The 'War' gametype makes its return after being excluding from CoD4, and it's well implemented - it plays similar to the Warfare gametype in Unreal Tournament 3, in that there are capture points, but only one can be captured at any given point. There's a line of them, and you can either push forward or be pushed back along the line. First team to control all of the line wins. Damn good fun.

Also, the replacement for the Helicopter kill-streak reward is both genius and rather silly - dogs. It kinda makes sense, but in all honesty it doesn't feel nearly as lethal as the helicopter, seeing as you can just murder the dogs as they come at you, and they need two pounces to kill you. It'd be better if there was just one pounce and a quick-time event to save yourself before death. Oh yeah, they did that in CoD4.

That's about it, really. Does this count as a review? May as well tag it as such.

14 October 2008

Is it can be waffle time?

No, I couldn't think of a clever title for this post. Let's just get over that hump and move on.

I have a job! At a cinema! Hurray!! Dead chuffed about that - the interview was nerve-wracking to the extreme, and they asked the rather 'ARGH!!!' question of 'Why do you think you'd be good to work here?'. I reckon that's a really unfair question to ask for a job interview - surely it's up to the interviewer to decide that, instead of me telling them why? I kinda flapped my jaw without saying anything for a couple of seconds, then I just came up with something about my having relevant expeience and loving films. Think I mumbled...

But it doesn't seem to have made a difference! Hurray! I start on Saturday, and it's free cinema for the duration of my tenure! Which is fucking wicked, I tell thee. I mean, I was always happy to pay to go the cinema, all it did was limited how often I could go. Now, I have no limit, which kicks ass. So hopefully you guys - the two or three of you who regular check this place, anyways - can expect lots more movie reviews. Which is good!

Not much else happened on the movie front beside the movement towards the cinema - haven't been for a while, and I've been bogged down in watching Sex and the City (not my choice - apparently if Fee's going to watch Firefly, I have to watch SatC). It's not nearly as unbearable as I thought it would be - it's very well written, and the guys in it are really relatable, even if they aren't explained as well as the female characters (it's very much portrayed from a lady's perspective). I'm still never going to be convinced that the movie was necessary - I saw the final two episodes, and it ended without any plot strings hanging - but I suppose for completion's sake I'll have to watch it. So that's a good few hours of my life to while away. But then! It's onto Firefly, which'll hopefully kickstart some inspiration in my brain for my book!

Speaking of my book, I finally finished another chapter - which is fantastic news, as this was one of those transition chapters where you do have to fill in the gaps, but nothing really happens. I'm honestly find those the trickiest to write - I wish I could think of nifty little 'filler' chapters akin to the similar concept in TV series that have a self-contained little happening, but I honestly can never think of one appropriately brisk and relevant to the story. Hopefully on my 're-write' stint I can segue a few of those in. Still, my next chapter is very much a story chapter, so I shall hopefully be able to forge forward with that.

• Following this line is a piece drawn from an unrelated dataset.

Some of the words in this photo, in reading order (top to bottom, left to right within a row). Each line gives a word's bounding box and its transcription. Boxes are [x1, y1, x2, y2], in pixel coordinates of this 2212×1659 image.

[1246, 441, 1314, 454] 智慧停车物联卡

LoveFilm is slowly filling out the fringes of my film knowledge - I've got Saw IV to watch, along with The Orphanage to see if I'll still feel the same way the second time around (review's in the sidebar if you want to have a look). Also watched An Evening with Kevin Smith, which was excellent - and AEwKS2: Evening Harder is on it's way soon. Genius of a title, that.

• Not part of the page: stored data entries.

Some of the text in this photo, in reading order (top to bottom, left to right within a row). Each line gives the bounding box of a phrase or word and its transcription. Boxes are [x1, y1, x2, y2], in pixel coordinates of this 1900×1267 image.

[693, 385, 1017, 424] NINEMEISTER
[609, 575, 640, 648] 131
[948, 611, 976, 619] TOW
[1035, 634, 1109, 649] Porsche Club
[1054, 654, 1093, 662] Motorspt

Well, that's about it for today. Jeez, this post has a lot of tags. Apparently I'm very tangental today. Yay.

7 October 2008

Random Thoughts

Not much going on really - still can't afford to go to the cinema, so no new new movies have been seen. I have watched a couple of not-quite-so-new movies...

First up is Starship Troopers 3: Marauder...and it was...okay. I've seen the first and second ones - first good, second attrocious - and the third one more than makes up for the crimes of the second without actually being that good. It's solid sci-fi entertainment, but it doesn't reach the rather brilliantly over-the-topness of the original. What it does do is bring back the satirical overtones that the first one had and the second one ditched. The first - I think, but film analysis isn't exactly my strong point - satirises the kind of extreme patriotism found in the BNP and the so-called 'redneck' states in the US, and the concept of using propoganda as a tool to infuse said patriotism into its people during a time of war.

The third is slightly more on the nose, methinks...but it's there. Basically, it says 'nationalisation of religion is bad'. And that's it. Not exactly the brainiest of satires - and nowhere near as amusing as the original's - but at least it's present. Anyways, Starship Troopers 3 gets a solid 5 from me - entertaining dross and ultimately forgetable.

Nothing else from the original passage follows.